Extracted data

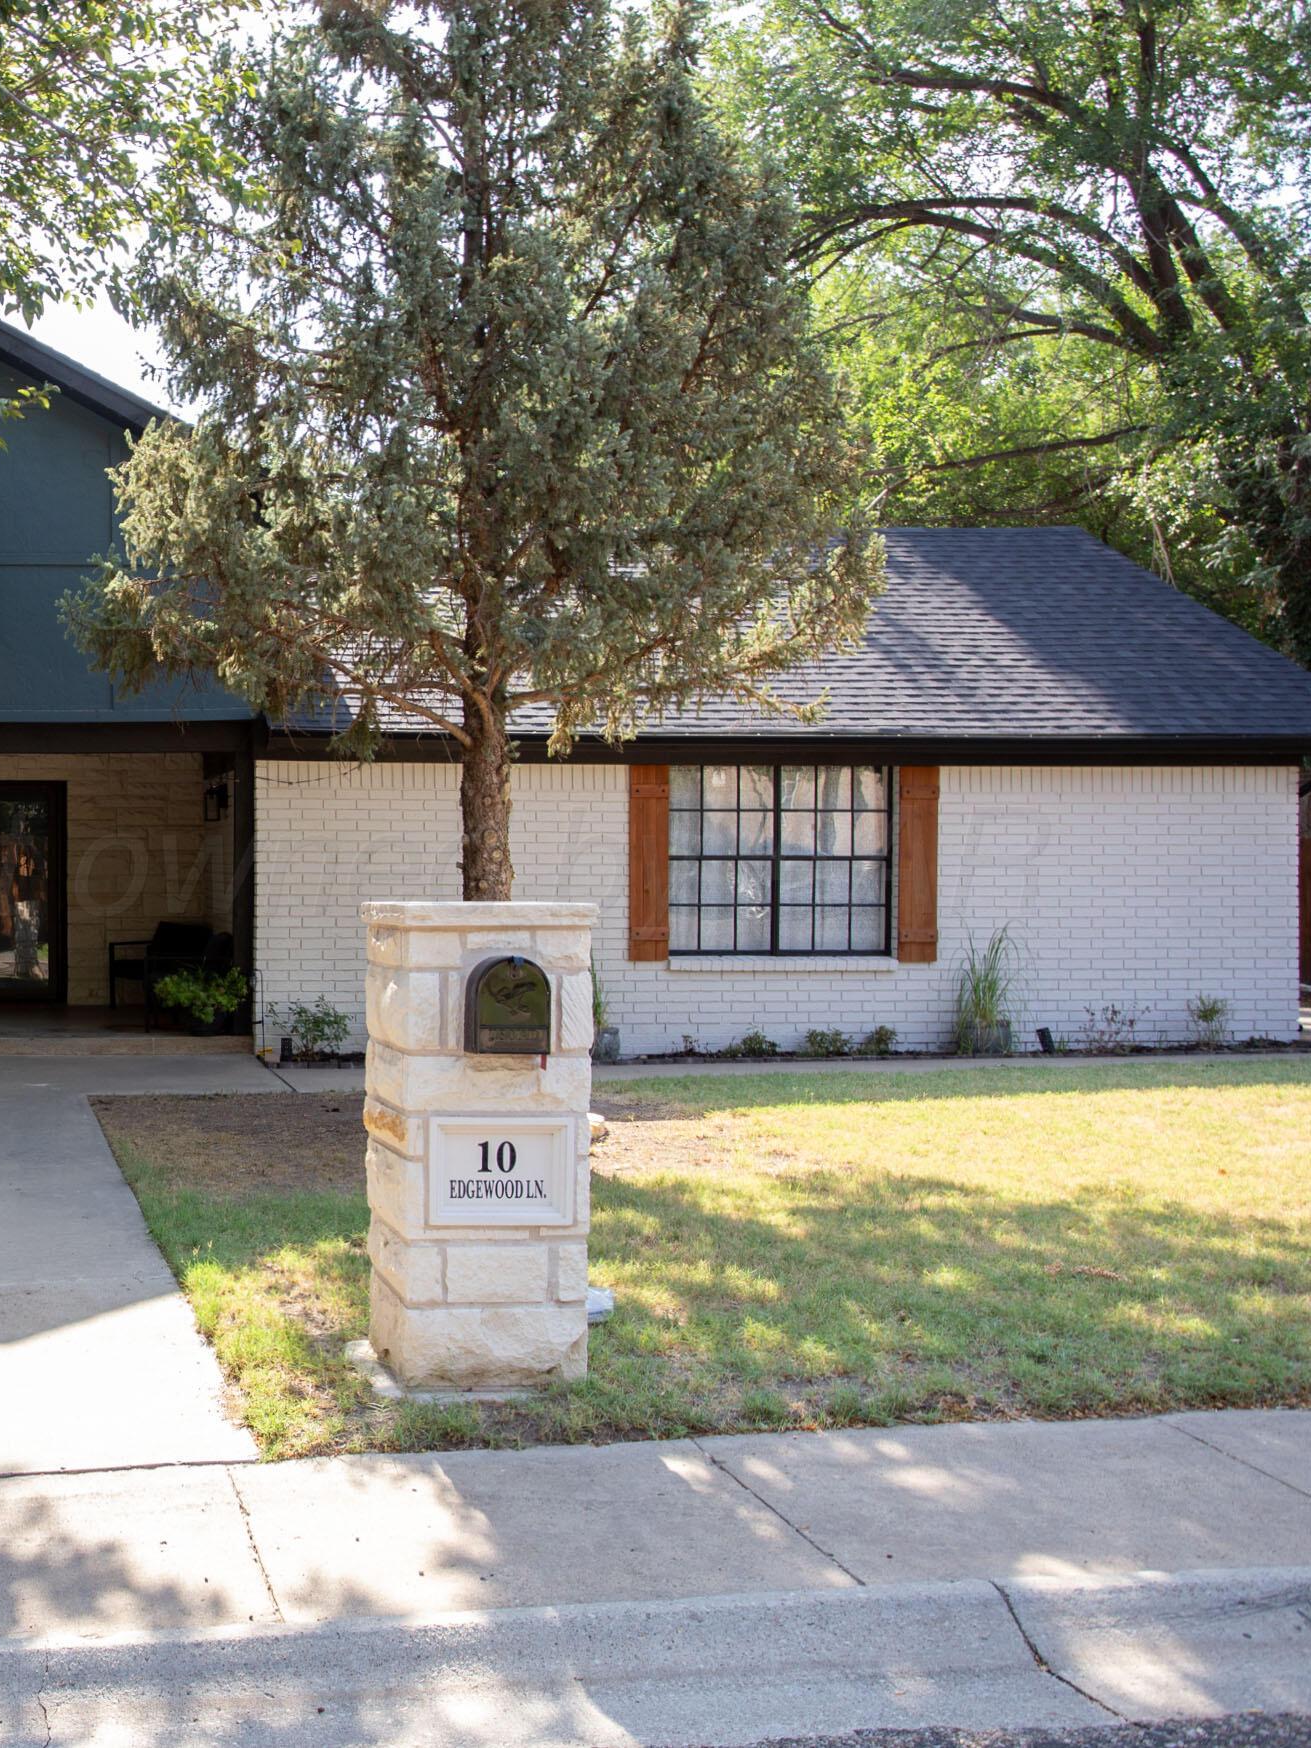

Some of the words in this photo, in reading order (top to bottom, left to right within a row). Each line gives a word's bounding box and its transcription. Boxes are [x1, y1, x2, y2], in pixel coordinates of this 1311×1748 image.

[477, 1140, 517, 1173] 10
[449, 1179, 524, 1199] EDGEWOOD
[526, 1179, 547, 1199] LN.
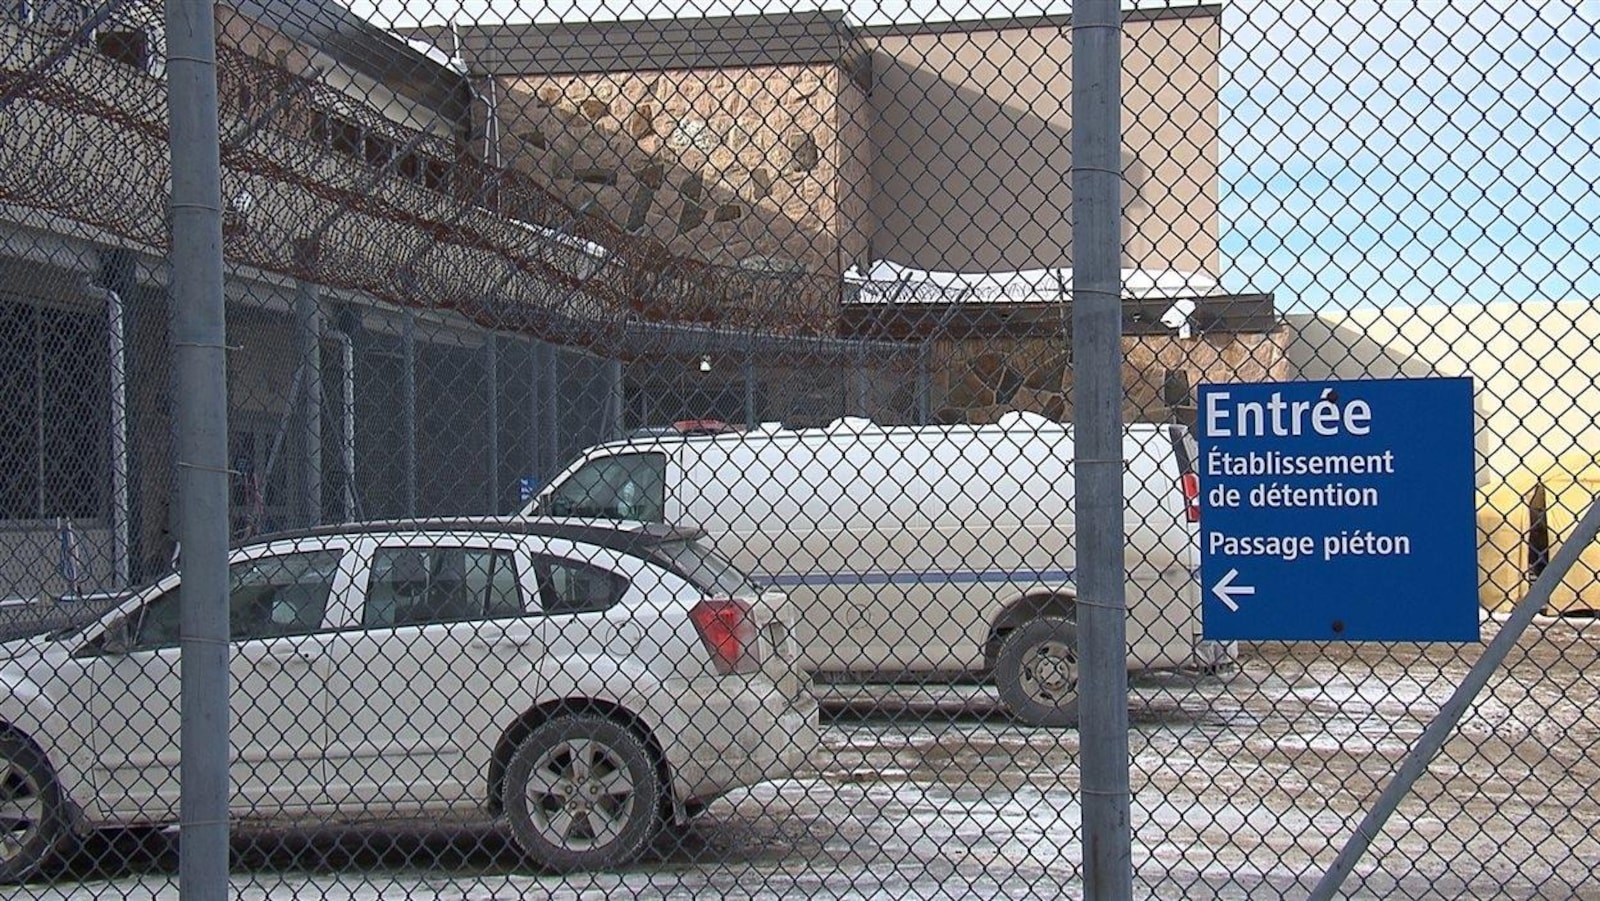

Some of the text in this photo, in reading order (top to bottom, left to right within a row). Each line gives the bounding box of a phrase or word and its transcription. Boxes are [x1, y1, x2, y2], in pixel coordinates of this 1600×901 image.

[1206, 388, 1371, 437] Entrée
[1209, 446, 1394, 475] Établissement
[1209, 483, 1377, 506] de détention
[1210, 530, 1409, 560] Passage piéton
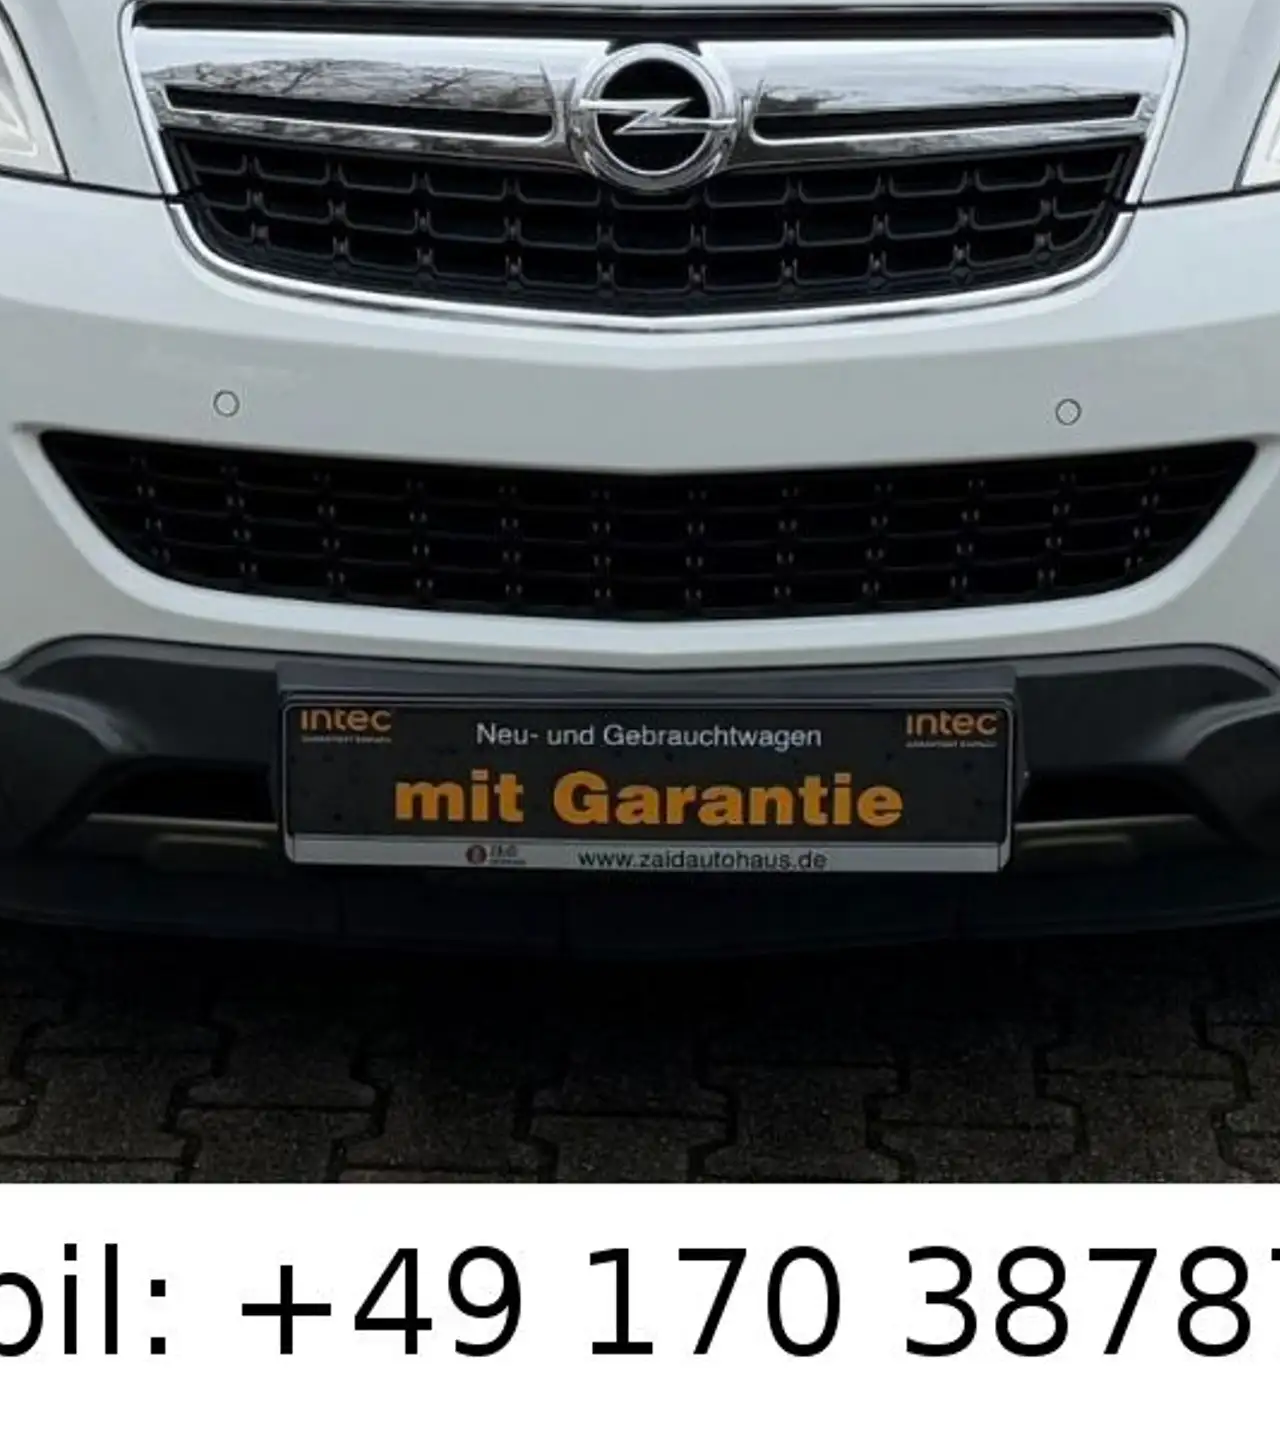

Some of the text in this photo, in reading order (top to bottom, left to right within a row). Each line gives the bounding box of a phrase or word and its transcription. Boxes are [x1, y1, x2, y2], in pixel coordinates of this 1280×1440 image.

[475, 721, 823, 752] Neu- und Gebrauchtwagen
[394, 767, 904, 828] mit Garantie
[577, 849, 828, 871] www.zaidautohaus.de

What to do
Copy out the material exactly as it stands, though no picture should appear in the copy.

Solution to this exercise
Some of the words in this photo, in reading order (top to bottom, left to right within a row). Each line gives a word's bounding box and its transcription. Boxes are [x1, y1, x2, y2], in pixel coordinates of this 1311×1748 image.

[477, 1140, 517, 1173] 10
[449, 1179, 524, 1199] EDGEWOOD
[526, 1179, 547, 1199] LN.

Some of the text in this photo, in reading order (top to bottom, left to right within a row). Each line gives the bounding box of a phrase or word and its transcription. Boxes are [x1, y1, x2, y2], in pixel coordinates of this 1600×901 image.

[1206, 388, 1371, 437] Entrée
[1209, 446, 1394, 475] Établissement
[1209, 483, 1377, 506] de détention
[1210, 530, 1409, 560] Passage piéton

Some of the text in this photo, in reading order (top to bottom, left to right within a row). Each line gives the bounding box of a phrase or word and its transcription. Boxes are [x1, y1, x2, y2], in pixel coordinates of this 1280×1440 image.

[475, 721, 823, 752] Neu- und Gebrauchtwagen
[394, 767, 904, 828] mit Garantie
[577, 849, 828, 871] www.zaidautohaus.de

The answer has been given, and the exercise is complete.